-- Working data --
Segment Open

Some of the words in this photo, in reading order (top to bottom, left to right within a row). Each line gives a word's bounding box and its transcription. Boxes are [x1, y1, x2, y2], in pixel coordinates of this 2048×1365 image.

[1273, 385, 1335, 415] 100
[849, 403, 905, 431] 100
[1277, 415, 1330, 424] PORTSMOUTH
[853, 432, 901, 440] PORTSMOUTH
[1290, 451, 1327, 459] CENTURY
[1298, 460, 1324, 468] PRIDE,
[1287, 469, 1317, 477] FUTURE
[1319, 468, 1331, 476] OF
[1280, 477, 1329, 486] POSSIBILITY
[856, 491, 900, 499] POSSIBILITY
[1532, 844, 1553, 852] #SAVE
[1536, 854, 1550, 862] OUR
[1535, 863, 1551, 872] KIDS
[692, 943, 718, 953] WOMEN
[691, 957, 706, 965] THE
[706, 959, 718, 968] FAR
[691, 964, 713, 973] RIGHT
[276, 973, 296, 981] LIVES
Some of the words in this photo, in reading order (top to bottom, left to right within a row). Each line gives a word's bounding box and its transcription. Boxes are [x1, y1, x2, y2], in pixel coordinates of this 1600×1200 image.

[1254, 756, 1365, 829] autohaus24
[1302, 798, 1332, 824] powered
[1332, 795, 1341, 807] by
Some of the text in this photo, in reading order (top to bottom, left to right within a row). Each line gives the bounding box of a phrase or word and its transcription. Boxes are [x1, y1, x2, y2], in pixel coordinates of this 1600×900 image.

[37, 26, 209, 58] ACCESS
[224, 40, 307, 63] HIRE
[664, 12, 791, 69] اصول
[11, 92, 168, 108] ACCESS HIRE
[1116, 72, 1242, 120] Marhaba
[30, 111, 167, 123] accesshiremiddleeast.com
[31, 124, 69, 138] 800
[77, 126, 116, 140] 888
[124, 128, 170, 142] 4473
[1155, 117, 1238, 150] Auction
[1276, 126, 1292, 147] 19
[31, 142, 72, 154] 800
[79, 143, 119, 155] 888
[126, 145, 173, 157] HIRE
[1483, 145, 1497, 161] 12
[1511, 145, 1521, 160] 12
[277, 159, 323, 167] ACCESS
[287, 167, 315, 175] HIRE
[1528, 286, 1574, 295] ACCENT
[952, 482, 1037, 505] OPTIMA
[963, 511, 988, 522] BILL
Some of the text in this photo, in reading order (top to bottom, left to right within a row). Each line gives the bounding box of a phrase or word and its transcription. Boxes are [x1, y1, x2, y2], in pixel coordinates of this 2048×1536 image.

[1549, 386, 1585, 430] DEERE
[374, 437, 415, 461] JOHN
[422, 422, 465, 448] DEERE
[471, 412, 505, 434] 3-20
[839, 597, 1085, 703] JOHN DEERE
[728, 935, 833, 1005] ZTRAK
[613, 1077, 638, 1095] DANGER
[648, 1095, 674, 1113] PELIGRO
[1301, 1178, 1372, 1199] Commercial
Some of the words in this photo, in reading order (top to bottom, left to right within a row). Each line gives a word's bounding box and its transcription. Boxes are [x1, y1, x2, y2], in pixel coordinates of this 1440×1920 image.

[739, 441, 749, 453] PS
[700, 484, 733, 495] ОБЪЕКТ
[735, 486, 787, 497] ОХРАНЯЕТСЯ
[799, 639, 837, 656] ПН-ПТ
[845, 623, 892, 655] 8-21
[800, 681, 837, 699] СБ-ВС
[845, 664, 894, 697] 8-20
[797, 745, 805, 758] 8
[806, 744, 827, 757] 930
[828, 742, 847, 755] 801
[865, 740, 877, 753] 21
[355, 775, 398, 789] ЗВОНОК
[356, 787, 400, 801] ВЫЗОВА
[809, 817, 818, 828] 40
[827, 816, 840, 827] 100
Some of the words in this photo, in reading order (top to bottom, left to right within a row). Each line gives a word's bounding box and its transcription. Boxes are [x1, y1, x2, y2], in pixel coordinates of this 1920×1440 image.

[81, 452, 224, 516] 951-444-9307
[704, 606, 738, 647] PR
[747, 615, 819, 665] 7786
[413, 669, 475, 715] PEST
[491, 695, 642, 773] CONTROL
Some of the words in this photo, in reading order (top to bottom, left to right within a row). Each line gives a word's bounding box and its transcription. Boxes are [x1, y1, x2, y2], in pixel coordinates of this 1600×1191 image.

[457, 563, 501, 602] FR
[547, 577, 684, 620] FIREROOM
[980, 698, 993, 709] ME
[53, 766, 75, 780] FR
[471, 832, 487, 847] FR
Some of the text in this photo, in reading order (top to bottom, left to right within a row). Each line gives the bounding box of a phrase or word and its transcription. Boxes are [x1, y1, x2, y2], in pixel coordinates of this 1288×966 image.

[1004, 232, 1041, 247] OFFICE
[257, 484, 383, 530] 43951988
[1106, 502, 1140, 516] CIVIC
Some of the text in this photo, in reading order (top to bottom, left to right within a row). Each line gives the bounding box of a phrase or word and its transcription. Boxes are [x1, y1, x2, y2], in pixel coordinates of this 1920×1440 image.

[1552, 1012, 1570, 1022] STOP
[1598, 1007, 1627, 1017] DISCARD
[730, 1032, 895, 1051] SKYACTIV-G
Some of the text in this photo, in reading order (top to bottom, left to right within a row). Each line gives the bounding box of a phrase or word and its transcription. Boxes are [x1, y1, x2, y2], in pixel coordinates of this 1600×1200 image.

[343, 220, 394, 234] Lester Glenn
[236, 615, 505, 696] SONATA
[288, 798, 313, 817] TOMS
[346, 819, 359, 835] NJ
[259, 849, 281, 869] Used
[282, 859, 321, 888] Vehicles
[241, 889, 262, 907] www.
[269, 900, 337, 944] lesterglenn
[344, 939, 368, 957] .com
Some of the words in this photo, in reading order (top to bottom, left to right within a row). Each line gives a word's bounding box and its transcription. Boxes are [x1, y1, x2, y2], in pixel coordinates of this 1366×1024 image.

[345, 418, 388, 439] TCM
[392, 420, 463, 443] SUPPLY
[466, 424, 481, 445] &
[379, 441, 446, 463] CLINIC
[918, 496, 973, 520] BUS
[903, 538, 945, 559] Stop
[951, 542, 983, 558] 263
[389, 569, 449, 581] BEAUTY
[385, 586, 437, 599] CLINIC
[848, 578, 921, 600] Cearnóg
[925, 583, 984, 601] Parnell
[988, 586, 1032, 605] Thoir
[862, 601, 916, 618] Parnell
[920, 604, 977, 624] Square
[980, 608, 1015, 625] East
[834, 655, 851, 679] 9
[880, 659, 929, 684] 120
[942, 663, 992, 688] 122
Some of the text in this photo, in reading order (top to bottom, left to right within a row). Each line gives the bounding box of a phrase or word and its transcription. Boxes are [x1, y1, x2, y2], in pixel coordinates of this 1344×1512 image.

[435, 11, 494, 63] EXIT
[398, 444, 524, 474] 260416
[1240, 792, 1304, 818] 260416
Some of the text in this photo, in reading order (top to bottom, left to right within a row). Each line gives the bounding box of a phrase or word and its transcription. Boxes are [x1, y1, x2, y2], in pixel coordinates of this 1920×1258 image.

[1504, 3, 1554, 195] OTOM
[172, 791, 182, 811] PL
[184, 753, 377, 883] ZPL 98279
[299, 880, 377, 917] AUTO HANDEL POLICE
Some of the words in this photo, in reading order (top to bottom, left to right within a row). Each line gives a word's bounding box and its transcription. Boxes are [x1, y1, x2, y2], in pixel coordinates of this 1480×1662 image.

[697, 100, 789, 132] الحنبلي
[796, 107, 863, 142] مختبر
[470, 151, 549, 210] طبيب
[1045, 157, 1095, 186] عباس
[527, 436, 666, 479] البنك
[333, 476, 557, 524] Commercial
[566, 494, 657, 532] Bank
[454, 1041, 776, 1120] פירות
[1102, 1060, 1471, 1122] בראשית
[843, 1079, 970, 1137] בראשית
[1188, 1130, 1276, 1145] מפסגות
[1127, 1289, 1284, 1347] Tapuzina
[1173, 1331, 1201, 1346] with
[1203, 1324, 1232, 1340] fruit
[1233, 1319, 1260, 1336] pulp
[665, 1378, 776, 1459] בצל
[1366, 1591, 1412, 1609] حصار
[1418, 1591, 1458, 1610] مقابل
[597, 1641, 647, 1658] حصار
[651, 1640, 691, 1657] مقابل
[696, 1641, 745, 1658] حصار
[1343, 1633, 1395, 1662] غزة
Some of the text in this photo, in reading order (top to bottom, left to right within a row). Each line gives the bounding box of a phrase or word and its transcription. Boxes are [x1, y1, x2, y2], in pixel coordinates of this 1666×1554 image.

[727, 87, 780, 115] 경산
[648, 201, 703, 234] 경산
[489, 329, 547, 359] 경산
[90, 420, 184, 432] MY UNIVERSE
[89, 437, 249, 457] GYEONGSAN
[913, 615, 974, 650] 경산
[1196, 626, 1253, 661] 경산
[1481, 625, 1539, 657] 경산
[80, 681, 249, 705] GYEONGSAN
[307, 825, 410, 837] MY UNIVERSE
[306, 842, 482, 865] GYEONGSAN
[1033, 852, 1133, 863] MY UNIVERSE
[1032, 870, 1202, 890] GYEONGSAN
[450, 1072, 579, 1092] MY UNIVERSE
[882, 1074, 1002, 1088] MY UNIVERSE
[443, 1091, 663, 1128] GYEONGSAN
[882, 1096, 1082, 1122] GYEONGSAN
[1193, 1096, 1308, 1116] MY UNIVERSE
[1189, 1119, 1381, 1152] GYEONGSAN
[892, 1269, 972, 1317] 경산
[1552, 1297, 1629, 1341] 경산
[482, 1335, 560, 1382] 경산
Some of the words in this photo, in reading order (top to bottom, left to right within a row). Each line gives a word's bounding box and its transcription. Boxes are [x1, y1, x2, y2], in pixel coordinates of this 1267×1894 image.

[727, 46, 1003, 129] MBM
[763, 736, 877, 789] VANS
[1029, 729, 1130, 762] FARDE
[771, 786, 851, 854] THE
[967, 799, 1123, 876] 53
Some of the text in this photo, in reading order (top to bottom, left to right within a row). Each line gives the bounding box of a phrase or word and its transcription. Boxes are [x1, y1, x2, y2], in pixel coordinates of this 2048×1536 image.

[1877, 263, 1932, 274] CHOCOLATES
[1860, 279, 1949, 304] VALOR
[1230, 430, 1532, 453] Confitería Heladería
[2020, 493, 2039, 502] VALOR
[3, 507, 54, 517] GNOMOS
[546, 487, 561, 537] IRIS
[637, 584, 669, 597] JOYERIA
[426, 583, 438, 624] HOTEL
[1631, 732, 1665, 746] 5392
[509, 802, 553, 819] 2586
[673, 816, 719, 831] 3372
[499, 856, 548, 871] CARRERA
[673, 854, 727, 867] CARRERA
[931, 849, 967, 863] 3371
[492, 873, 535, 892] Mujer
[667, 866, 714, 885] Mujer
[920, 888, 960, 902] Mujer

Segment Closed

-- What the exercise asks --
Starting with the line that contains "this 1267×1894 image.", write out each line through the end of the listing, exactly as it appears, and include nothing else.

-- Exercise result --
Some of the words in this photo, in reading order (top to bottom, left to right within a row). Each line gives a word's bounding box and its transcription. Boxes are [x1, y1, x2, y2], in pixel coordinates of this 1267×1894 image.

[727, 46, 1003, 129] MBM
[763, 736, 877, 789] VANS
[1029, 729, 1130, 762] FARDE
[771, 786, 851, 854] THE
[967, 799, 1123, 876] 53
Some of the text in this photo, in reading order (top to bottom, left to right within a row). Each line gives the bounding box of a phrase or word and its transcription. Boxes are [x1, y1, x2, y2], in pixel coordinates of this 2048×1536 image.

[1877, 263, 1932, 274] CHOCOLATES
[1860, 279, 1949, 304] VALOR
[1230, 430, 1532, 453] Confitería Heladería
[2020, 493, 2039, 502] VALOR
[3, 507, 54, 517] GNOMOS
[546, 487, 561, 537] IRIS
[637, 584, 669, 597] JOYERIA
[426, 583, 438, 624] HOTEL
[1631, 732, 1665, 746] 5392
[509, 802, 553, 819] 2586
[673, 816, 719, 831] 3372
[499, 856, 548, 871] CARRERA
[673, 854, 727, 867] CARRERA
[931, 849, 967, 863] 3371
[492, 873, 535, 892] Mujer
[667, 866, 714, 885] Mujer
[920, 888, 960, 902] Mujer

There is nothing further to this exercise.